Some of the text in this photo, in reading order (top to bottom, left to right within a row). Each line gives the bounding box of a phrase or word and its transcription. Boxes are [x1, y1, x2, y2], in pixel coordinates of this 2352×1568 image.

...

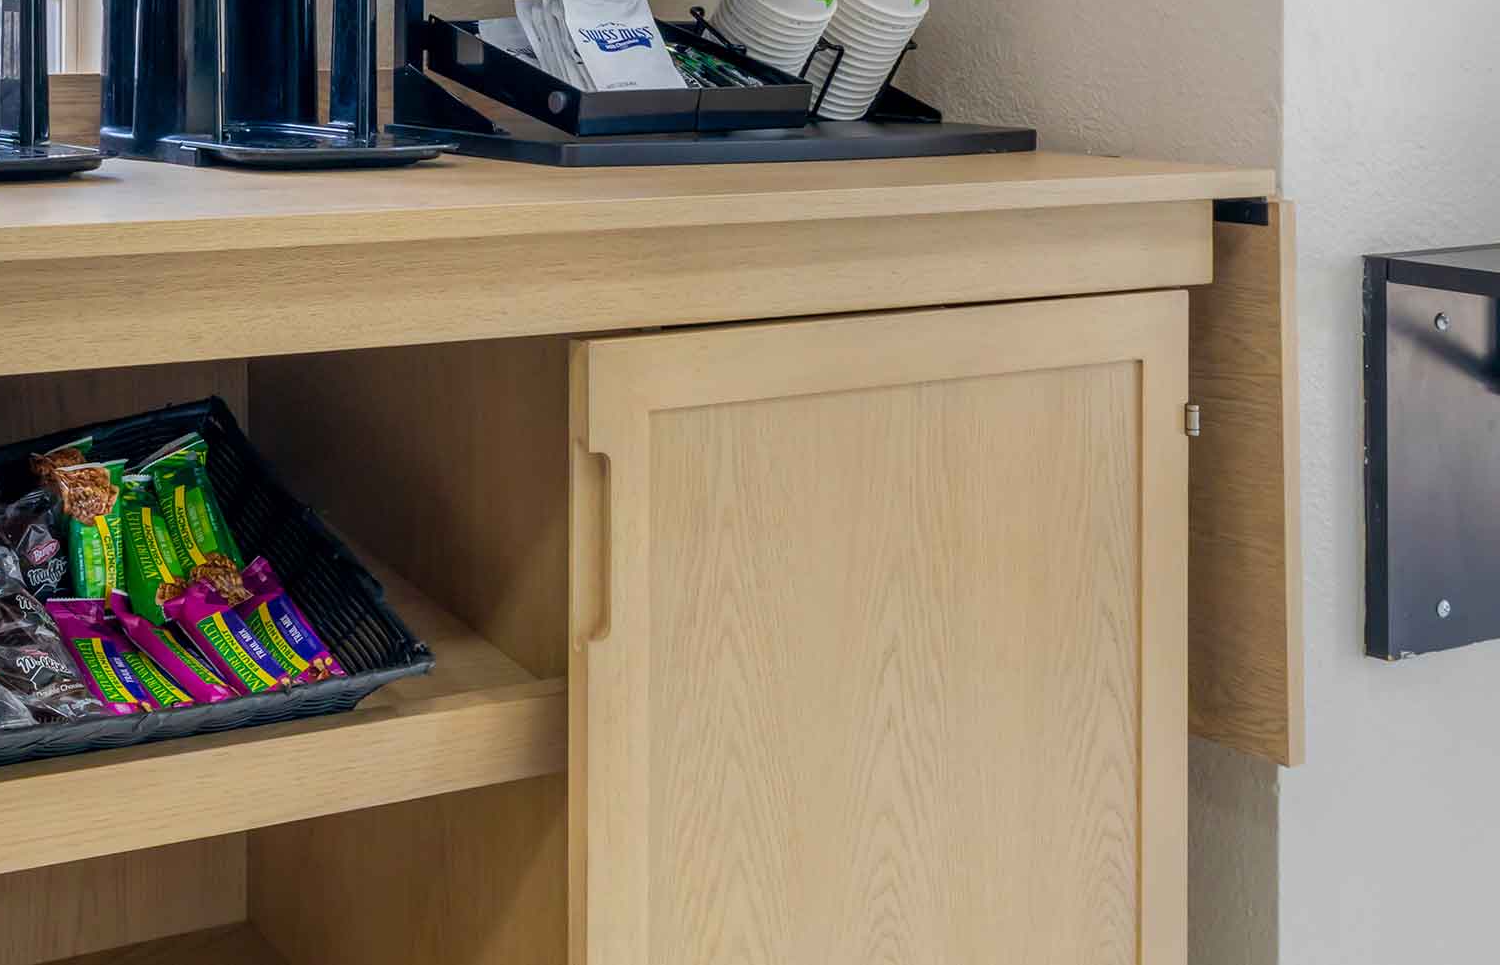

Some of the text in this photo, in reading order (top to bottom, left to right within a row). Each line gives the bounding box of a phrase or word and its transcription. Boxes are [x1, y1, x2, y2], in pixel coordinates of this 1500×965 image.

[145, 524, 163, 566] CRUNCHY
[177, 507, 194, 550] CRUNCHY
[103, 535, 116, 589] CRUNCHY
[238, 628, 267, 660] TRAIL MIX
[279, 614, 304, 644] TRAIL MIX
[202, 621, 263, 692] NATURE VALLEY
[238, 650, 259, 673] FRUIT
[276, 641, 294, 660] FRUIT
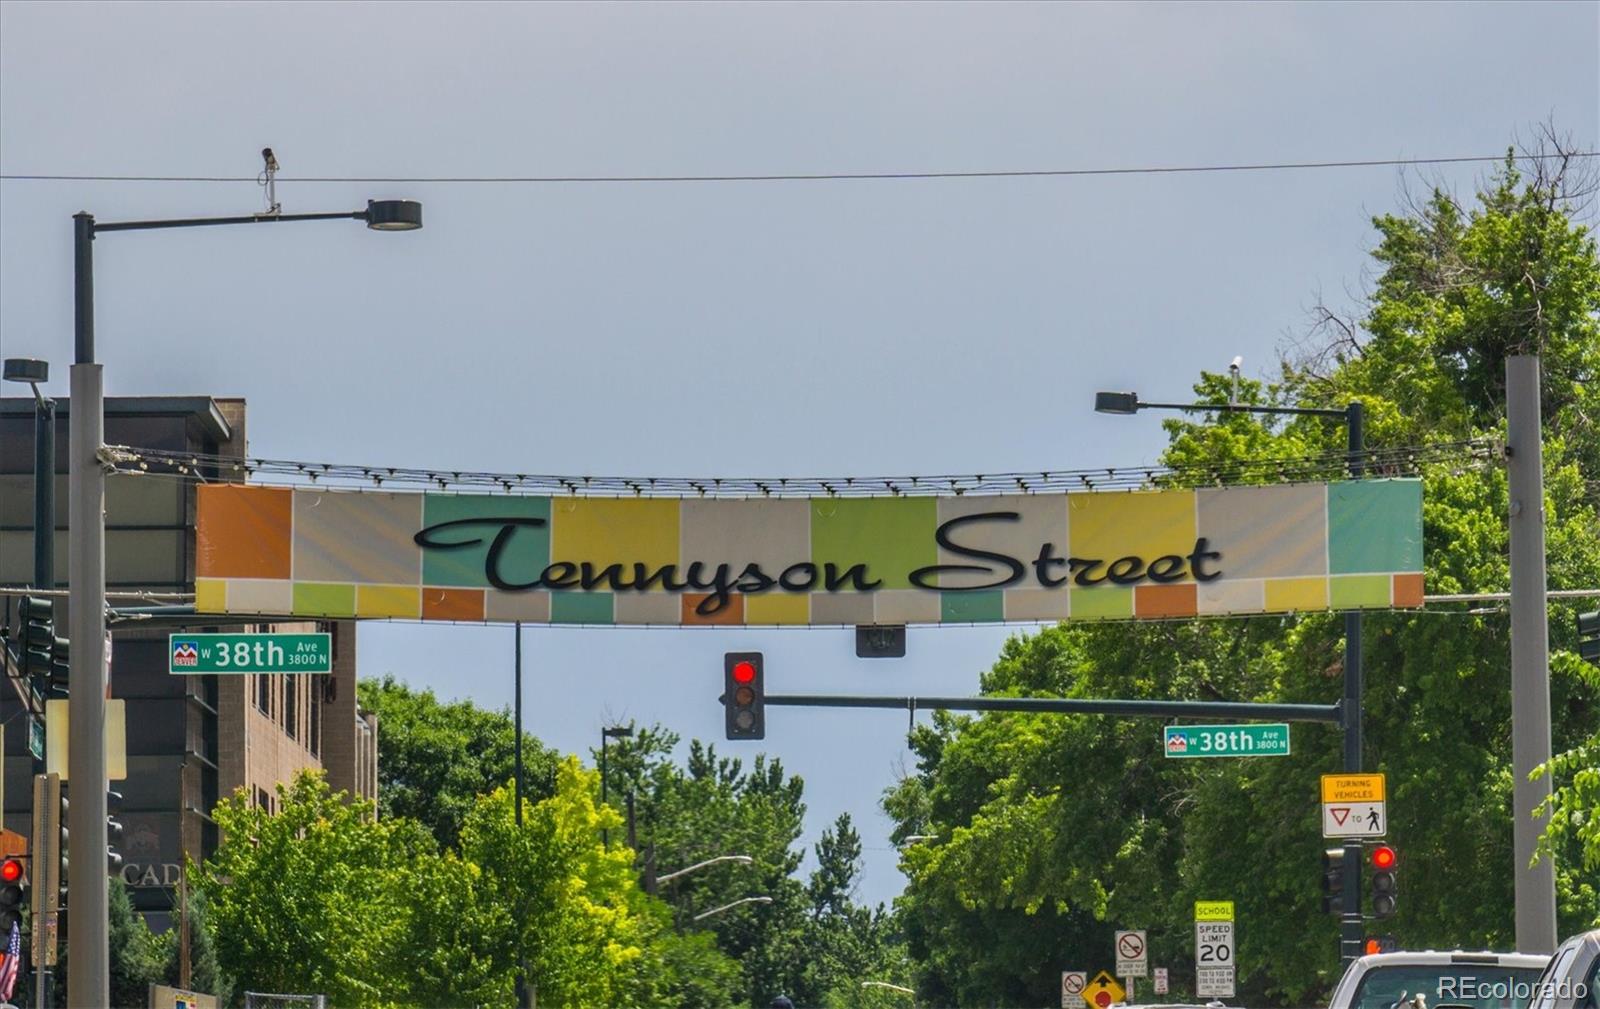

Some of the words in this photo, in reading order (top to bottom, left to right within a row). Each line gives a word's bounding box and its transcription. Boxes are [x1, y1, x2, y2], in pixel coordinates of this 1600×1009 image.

==

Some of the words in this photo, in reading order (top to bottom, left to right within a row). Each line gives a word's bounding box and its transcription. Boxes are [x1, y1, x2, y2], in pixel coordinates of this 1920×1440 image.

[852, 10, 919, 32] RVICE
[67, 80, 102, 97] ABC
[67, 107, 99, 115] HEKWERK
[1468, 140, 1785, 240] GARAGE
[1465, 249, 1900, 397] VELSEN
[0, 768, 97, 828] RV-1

Exercise instructions:
With the pictures omitted, restate word for word the lines above from the line that has "this 1500×965 image." up to and including the line that has "this 1600×1009 image.", and no other lines.

Answer area:
Some of the text in this photo, in reading order (top to bottom, left to right within a row). Each line gives the bounding box of a phrase or word and its transcription. Boxes are [x1, y1, x2, y2], in pixel coordinates of this 1500×965 image.

[145, 524, 163, 566] CRUNCHY
[177, 507, 194, 550] CRUNCHY
[103, 535, 116, 589] CRUNCHY
[238, 628, 267, 660] TRAIL MIX
[279, 614, 304, 644] TRAIL MIX
[202, 621, 263, 692] NATURE VALLEY
[238, 650, 259, 673] FRUIT
[276, 641, 294, 660] FRUIT

Some of the words in this photo, in reading order (top to bottom, left to right within a row). Each line gives a word's bounding box and its transcription. Boxes are [x1, y1, x2, y2], in pixel coordinates of this 1600×1009 image.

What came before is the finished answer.